Centuries after the Chinese were crazy about peonies, Europe experienced tulip mania. During the 17th century, tulips became extremely popular not only as a beautiful flower, but also as an investment and object of financial speculation. This led to an economic bubble in the Dutch Republic, which burst in February of 1637 and financially ruined many investors. At the height of tulip mania, one single bulb sold for many times the annual income of a normal worker. The most expensive bulbs were those of flowers with white stripes on red or purple background. This color pattern is caused by a infection with the “tulip breaking virus”, which also weakens the bulb. It is only transferred through the bulb itself, which doubtless contributed to the extraordinary value of these tulips, since they cannot be grown from seeds. Striped tulips are still popular, but today, they are affordable. We have a few in our garden, too.

Some spectacular tulips. The right variety would have cost a fortune during tuljp mania.
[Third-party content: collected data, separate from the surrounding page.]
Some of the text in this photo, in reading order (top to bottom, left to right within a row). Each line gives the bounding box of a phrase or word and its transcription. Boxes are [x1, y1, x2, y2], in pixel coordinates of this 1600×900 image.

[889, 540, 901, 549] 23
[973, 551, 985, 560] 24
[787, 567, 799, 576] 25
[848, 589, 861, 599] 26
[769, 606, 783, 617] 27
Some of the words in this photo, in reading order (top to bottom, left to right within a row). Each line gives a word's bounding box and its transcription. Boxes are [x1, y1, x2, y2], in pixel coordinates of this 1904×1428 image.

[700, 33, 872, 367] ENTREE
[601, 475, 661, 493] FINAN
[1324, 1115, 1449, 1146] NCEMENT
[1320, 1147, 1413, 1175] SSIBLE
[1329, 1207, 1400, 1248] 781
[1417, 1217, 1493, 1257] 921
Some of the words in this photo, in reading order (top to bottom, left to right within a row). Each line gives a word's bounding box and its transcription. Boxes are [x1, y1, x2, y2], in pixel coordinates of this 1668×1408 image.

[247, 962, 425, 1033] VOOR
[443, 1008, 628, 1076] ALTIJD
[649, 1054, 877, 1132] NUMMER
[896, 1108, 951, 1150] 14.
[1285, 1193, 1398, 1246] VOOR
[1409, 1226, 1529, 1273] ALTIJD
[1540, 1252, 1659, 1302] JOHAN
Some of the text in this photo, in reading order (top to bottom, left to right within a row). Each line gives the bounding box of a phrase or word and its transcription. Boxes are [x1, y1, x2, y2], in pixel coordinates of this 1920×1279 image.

Aside from peonies and late tulips, the earlier irises have opened. Particularly pretty right now are the dwarf bearded irises that are always first to bloom.

Two varieties of dwarf bearded irises. The garden has a few more kinds.

While we were working in the garden yesterday, we could literally watch the buds on the Camassia open. At this time of the year, everything happens so quickly, it is hard to catch up!